■ Task instructions
Set down the entries once more, exactly as they are written.

(Phrase grounding data)
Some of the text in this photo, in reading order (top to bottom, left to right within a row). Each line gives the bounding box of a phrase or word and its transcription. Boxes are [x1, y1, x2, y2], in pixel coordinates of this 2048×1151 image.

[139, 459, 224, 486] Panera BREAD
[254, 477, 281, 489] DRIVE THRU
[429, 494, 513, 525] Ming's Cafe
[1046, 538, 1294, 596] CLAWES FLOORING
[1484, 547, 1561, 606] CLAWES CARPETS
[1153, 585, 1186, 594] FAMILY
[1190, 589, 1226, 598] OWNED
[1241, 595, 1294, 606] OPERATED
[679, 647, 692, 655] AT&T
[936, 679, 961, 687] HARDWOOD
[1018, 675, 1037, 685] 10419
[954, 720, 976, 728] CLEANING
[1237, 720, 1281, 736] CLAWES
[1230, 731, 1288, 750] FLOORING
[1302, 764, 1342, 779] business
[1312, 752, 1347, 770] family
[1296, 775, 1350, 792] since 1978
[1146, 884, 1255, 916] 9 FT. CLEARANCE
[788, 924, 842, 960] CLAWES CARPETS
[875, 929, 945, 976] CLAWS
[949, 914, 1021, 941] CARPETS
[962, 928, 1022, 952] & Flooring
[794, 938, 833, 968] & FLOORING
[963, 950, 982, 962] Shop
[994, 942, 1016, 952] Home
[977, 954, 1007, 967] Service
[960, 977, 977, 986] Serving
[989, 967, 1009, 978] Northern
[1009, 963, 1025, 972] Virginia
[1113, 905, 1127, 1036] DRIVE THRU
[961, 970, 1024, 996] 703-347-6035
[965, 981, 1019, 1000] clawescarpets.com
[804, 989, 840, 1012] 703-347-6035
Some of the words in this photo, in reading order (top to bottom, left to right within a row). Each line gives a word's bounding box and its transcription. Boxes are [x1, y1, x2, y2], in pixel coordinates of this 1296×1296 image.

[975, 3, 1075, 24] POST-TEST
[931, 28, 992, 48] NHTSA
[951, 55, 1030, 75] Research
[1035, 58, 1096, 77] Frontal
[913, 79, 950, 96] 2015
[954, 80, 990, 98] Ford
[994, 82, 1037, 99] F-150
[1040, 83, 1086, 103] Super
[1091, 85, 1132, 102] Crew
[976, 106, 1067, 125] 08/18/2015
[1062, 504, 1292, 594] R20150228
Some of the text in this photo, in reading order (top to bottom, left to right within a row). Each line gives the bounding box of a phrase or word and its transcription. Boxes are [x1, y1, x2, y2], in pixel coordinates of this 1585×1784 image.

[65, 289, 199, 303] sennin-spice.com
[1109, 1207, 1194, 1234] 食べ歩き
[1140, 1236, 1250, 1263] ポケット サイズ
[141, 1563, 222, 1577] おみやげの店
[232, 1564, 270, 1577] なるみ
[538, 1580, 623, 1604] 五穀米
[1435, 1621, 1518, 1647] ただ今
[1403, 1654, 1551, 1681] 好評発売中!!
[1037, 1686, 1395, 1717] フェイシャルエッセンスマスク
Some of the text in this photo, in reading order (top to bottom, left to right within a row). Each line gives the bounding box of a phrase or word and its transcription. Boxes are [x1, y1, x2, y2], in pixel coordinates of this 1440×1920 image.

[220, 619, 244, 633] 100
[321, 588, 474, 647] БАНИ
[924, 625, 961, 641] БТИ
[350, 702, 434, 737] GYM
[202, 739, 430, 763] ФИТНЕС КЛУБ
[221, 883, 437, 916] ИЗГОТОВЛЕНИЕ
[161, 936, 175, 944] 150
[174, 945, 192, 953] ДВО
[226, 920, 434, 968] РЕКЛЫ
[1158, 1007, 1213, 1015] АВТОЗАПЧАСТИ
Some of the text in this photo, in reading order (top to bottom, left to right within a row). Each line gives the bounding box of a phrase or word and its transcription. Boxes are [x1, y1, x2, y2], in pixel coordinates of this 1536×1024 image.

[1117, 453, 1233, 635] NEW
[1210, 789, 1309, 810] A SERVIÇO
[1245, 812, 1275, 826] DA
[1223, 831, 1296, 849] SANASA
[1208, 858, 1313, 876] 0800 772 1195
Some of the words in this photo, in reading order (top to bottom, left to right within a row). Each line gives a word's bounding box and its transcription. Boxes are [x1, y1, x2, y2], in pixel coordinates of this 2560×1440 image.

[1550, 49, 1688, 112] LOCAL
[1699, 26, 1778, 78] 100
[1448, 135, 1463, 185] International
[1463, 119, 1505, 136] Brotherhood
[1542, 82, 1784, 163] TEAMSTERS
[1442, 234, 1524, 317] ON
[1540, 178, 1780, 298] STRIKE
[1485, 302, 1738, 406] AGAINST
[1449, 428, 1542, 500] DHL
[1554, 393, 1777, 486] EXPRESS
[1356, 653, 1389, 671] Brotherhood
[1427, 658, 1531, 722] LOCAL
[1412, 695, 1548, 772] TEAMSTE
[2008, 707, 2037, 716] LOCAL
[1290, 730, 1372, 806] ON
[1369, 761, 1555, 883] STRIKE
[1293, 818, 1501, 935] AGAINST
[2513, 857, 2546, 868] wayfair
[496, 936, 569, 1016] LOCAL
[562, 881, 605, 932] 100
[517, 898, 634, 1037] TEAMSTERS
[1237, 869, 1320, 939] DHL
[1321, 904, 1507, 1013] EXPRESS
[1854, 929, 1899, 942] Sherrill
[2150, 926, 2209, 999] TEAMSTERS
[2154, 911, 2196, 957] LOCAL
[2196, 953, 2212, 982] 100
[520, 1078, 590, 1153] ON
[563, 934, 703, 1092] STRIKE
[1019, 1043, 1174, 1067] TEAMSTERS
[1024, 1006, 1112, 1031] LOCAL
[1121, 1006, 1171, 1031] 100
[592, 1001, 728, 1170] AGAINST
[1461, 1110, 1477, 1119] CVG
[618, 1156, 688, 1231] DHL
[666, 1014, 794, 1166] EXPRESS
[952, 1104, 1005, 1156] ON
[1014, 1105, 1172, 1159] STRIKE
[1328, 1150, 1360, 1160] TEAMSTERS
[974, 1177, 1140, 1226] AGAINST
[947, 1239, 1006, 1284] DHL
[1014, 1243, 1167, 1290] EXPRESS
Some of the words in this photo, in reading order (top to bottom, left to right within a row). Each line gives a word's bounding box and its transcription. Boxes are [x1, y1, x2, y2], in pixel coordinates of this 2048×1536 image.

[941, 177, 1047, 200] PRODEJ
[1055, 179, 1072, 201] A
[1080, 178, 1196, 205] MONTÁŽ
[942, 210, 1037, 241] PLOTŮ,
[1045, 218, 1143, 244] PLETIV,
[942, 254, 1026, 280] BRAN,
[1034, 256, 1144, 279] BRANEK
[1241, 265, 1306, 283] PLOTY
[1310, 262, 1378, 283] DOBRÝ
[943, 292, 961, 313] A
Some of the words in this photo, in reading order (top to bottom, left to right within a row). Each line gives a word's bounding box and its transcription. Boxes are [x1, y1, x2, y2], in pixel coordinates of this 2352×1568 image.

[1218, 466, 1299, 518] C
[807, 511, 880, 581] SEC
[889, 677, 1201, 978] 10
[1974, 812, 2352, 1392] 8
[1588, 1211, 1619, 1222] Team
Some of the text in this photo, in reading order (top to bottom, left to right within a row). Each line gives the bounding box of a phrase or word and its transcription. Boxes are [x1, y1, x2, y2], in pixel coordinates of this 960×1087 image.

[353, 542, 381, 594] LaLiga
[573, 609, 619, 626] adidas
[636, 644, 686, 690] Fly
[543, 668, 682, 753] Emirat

■ The answer
Some of the text in this photo, in reading order (top to bottom, left to right within a row). Each line gives the bounding box of a phrase or word and its transcription. Boxes are [x1, y1, x2, y2], in pixel coordinates of this 2048×1151 image.

[139, 459, 224, 486] Panera BREAD
[254, 477, 281, 489] DRIVE THRU
[429, 494, 513, 525] Ming's Cafe
[1046, 538, 1294, 596] CLAWES FLOORING
[1484, 547, 1561, 606] CLAWES CARPETS
[1153, 585, 1186, 594] FAMILY
[1190, 589, 1226, 598] OWNED
[1241, 595, 1294, 606] OPERATED
[679, 647, 692, 655] AT&T
[936, 679, 961, 687] HARDWOOD
[1018, 675, 1037, 685] 10419
[954, 720, 976, 728] CLEANING
[1237, 720, 1281, 736] CLAWES
[1230, 731, 1288, 750] FLOORING
[1302, 764, 1342, 779] business
[1312, 752, 1347, 770] family
[1296, 775, 1350, 792] since 1978
[1146, 884, 1255, 916] 9 FT. CLEARANCE
[788, 924, 842, 960] CLAWES CARPETS
[875, 929, 945, 976] CLAWS
[949, 914, 1021, 941] CARPETS
[962, 928, 1022, 952] & Flooring
[794, 938, 833, 968] & FLOORING
[963, 950, 982, 962] Shop
[994, 942, 1016, 952] Home
[977, 954, 1007, 967] Service
[960, 977, 977, 986] Serving
[989, 967, 1009, 978] Northern
[1009, 963, 1025, 972] Virginia
[1113, 905, 1127, 1036] DRIVE THRU
[961, 970, 1024, 996] 703-347-6035
[965, 981, 1019, 1000] clawescarpets.com
[804, 989, 840, 1012] 703-347-6035
Some of the words in this photo, in reading order (top to bottom, left to right within a row). Each line gives a word's bounding box and its transcription. Boxes are [x1, y1, x2, y2], in pixel coordinates of this 1296×1296 image.

[975, 3, 1075, 24] POST-TEST
[931, 28, 992, 48] NHTSA
[951, 55, 1030, 75] Research
[1035, 58, 1096, 77] Frontal
[913, 79, 950, 96] 2015
[954, 80, 990, 98] Ford
[994, 82, 1037, 99] F-150
[1040, 83, 1086, 103] Super
[1091, 85, 1132, 102] Crew
[976, 106, 1067, 125] 08/18/2015
[1062, 504, 1292, 594] R20150228
Some of the text in this photo, in reading order (top to bottom, left to right within a row). Each line gives the bounding box of a phrase or word and its transcription. Boxes are [x1, y1, x2, y2], in pixel coordinates of this 1585×1784 image.

[65, 289, 199, 303] sennin-spice.com
[1109, 1207, 1194, 1234] 食べ歩き
[1140, 1236, 1250, 1263] ポケット サイズ
[141, 1563, 222, 1577] おみやげの店
[232, 1564, 270, 1577] なるみ
[538, 1580, 623, 1604] 五穀米
[1435, 1621, 1518, 1647] ただ今
[1403, 1654, 1551, 1681] 好評発売中!!
[1037, 1686, 1395, 1717] フェイシャルエッセンスマスク
Some of the text in this photo, in reading order (top to bottom, left to right within a row). Each line gives the bounding box of a phrase or word and its transcription. Boxes are [x1, y1, x2, y2], in pixel coordinates of this 1440×1920 image.

[220, 619, 244, 633] 100
[321, 588, 474, 647] БАНИ
[924, 625, 961, 641] БТИ
[350, 702, 434, 737] GYM
[202, 739, 430, 763] ФИТНЕС КЛУБ
[221, 883, 437, 916] ИЗГОТОВЛЕНИЕ
[161, 936, 175, 944] 150
[174, 945, 192, 953] ДВО
[226, 920, 434, 968] РЕКЛЫ
[1158, 1007, 1213, 1015] АВТОЗАПЧАСТИ
Some of the text in this photo, in reading order (top to bottom, left to right within a row). Each line gives the bounding box of a phrase or word and its transcription. Boxes are [x1, y1, x2, y2], in pixel coordinates of this 1536×1024 image.

[1117, 453, 1233, 635] NEW
[1210, 789, 1309, 810] A SERVIÇO
[1245, 812, 1275, 826] DA
[1223, 831, 1296, 849] SANASA
[1208, 858, 1313, 876] 0800 772 1195
Some of the words in this photo, in reading order (top to bottom, left to right within a row). Each line gives a word's bounding box and its transcription. Boxes are [x1, y1, x2, y2], in pixel coordinates of this 2560×1440 image.

[1550, 49, 1688, 112] LOCAL
[1699, 26, 1778, 78] 100
[1448, 135, 1463, 185] International
[1463, 119, 1505, 136] Brotherhood
[1542, 82, 1784, 163] TEAMSTERS
[1442, 234, 1524, 317] ON
[1540, 178, 1780, 298] STRIKE
[1485, 302, 1738, 406] AGAINST
[1449, 428, 1542, 500] DHL
[1554, 393, 1777, 486] EXPRESS
[1356, 653, 1389, 671] Brotherhood
[1427, 658, 1531, 722] LOCAL
[1412, 695, 1548, 772] TEAMSTE
[2008, 707, 2037, 716] LOCAL
[1290, 730, 1372, 806] ON
[1369, 761, 1555, 883] STRIKE
[1293, 818, 1501, 935] AGAINST
[2513, 857, 2546, 868] wayfair
[496, 936, 569, 1016] LOCAL
[562, 881, 605, 932] 100
[517, 898, 634, 1037] TEAMSTERS
[1237, 869, 1320, 939] DHL
[1321, 904, 1507, 1013] EXPRESS
[1854, 929, 1899, 942] Sherrill
[2150, 926, 2209, 999] TEAMSTERS
[2154, 911, 2196, 957] LOCAL
[2196, 953, 2212, 982] 100
[520, 1078, 590, 1153] ON
[563, 934, 703, 1092] STRIKE
[1019, 1043, 1174, 1067] TEAMSTERS
[1024, 1006, 1112, 1031] LOCAL
[1121, 1006, 1171, 1031] 100
[592, 1001, 728, 1170] AGAINST
[1461, 1110, 1477, 1119] CVG
[618, 1156, 688, 1231] DHL
[666, 1014, 794, 1166] EXPRESS
[952, 1104, 1005, 1156] ON
[1014, 1105, 1172, 1159] STRIKE
[1328, 1150, 1360, 1160] TEAMSTERS
[974, 1177, 1140, 1226] AGAINST
[947, 1239, 1006, 1284] DHL
[1014, 1243, 1167, 1290] EXPRESS
Some of the words in this photo, in reading order (top to bottom, left to right within a row). Each line gives a word's bounding box and its transcription. Boxes are [x1, y1, x2, y2], in pixel coordinates of this 2048×1536 image.

[941, 177, 1047, 200] PRODEJ
[1055, 179, 1072, 201] A
[1080, 178, 1196, 205] MONTÁŽ
[942, 210, 1037, 241] PLOTŮ,
[1045, 218, 1143, 244] PLETIV,
[942, 254, 1026, 280] BRAN,
[1034, 256, 1144, 279] BRANEK
[1241, 265, 1306, 283] PLOTY
[1310, 262, 1378, 283] DOBRÝ
[943, 292, 961, 313] A
Some of the words in this photo, in reading order (top to bottom, left to right within a row). Each line gives a word's bounding box and its transcription. Boxes are [x1, y1, x2, y2], in pixel coordinates of this 2352×1568 image.

[1218, 466, 1299, 518] C
[807, 511, 880, 581] SEC
[889, 677, 1201, 978] 10
[1974, 812, 2352, 1392] 8
[1588, 1211, 1619, 1222] Team
Some of the text in this photo, in reading order (top to bottom, left to right within a row). Each line gives the bounding box of a phrase or word and its transcription. Boxes are [x1, y1, x2, y2], in pixel coordinates of this 960×1087 image.

[353, 542, 381, 594] LaLiga
[573, 609, 619, 626] adidas
[636, 644, 686, 690] Fly
[543, 668, 682, 753] Emirat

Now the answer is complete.